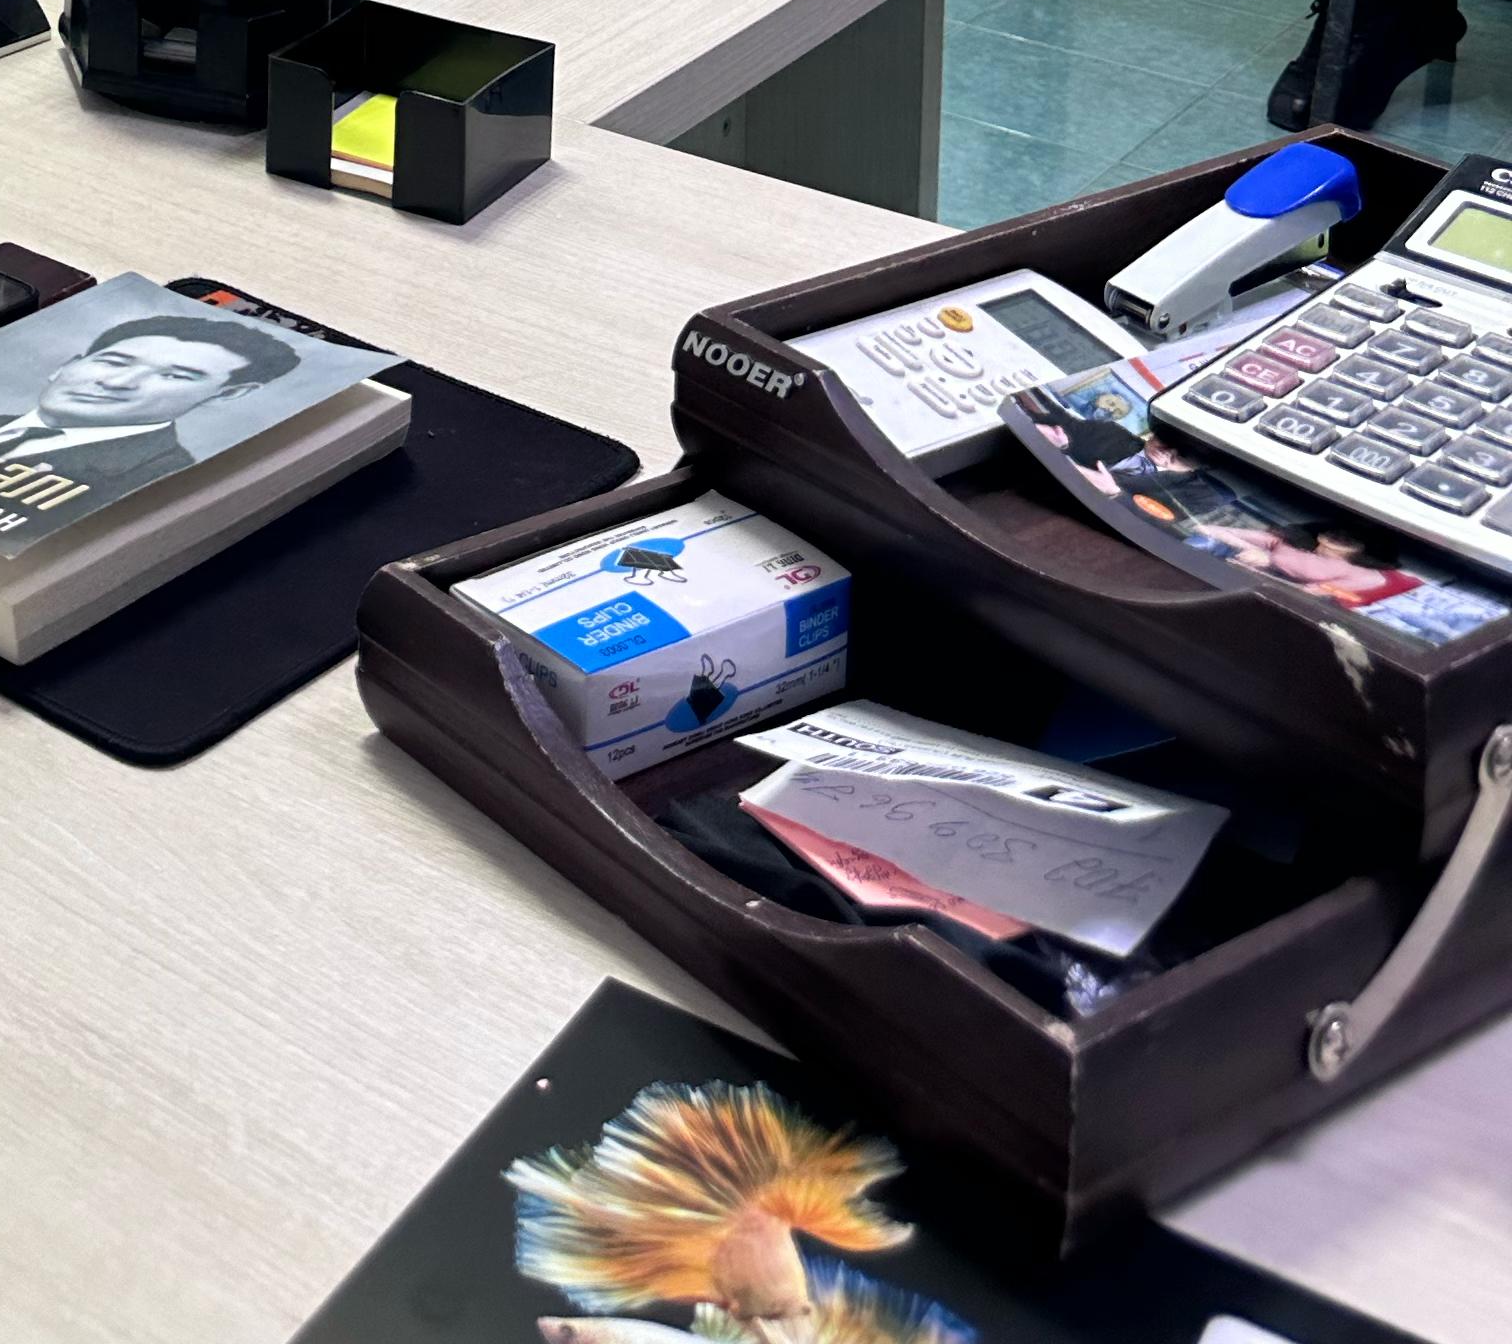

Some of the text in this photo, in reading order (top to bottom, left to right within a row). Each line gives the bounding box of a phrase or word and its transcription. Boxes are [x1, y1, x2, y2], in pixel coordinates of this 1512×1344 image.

[1279, 339, 1316, 355] AC
[1391, 342, 1417, 356] 7
[682, 330, 794, 400] NOOER
[1241, 363, 1280, 379] CE
[1356, 371, 1381, 384] 4
[1463, 369, 1487, 384] 8
[1211, 390, 1235, 404] 0
[1326, 396, 1343, 409] 1
[1429, 395, 1453, 410] 5
[1276, 417, 1315, 436] 00
[1394, 423, 1417, 434] 2
[577, 601, 633, 628] CLIPS
[800, 606, 839, 633] BINDER
[577, 612, 651, 646] BINDER
[799, 625, 829, 648] CLIPS
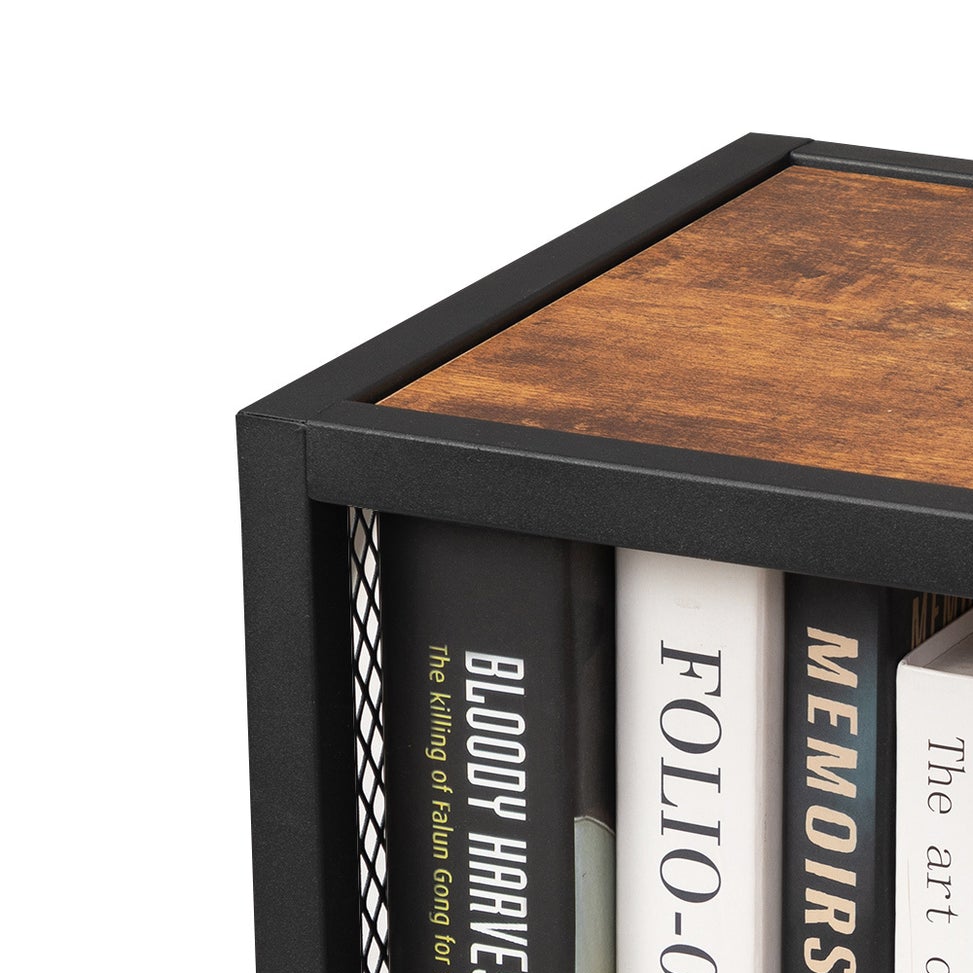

----

- **TASK**
Restate the full listing verbatim and drop every picture.

- **RESPONSE BOX**
Some of the text in this photo, in reading order (top to bottom, left to right within a row). Each line gives the bounding box of a phrase or word and its transcription. Boxes are [x1, y1, x2, y2], in pixel coordinates of this 1512×1344 image.

[1279, 339, 1316, 355] AC
[1391, 342, 1417, 356] 7
[682, 330, 794, 400] NOOER
[1241, 363, 1280, 379] CE
[1356, 371, 1381, 384] 4
[1463, 369, 1487, 384] 8
[1211, 390, 1235, 404] 0
[1326, 396, 1343, 409] 1
[1429, 395, 1453, 410] 5
[1276, 417, 1315, 436] 00
[1394, 423, 1417, 434] 2
[577, 601, 633, 628] CLIPS
[800, 606, 839, 633] BINDER
[577, 612, 651, 646] BINDER
[799, 625, 829, 648] CLIPS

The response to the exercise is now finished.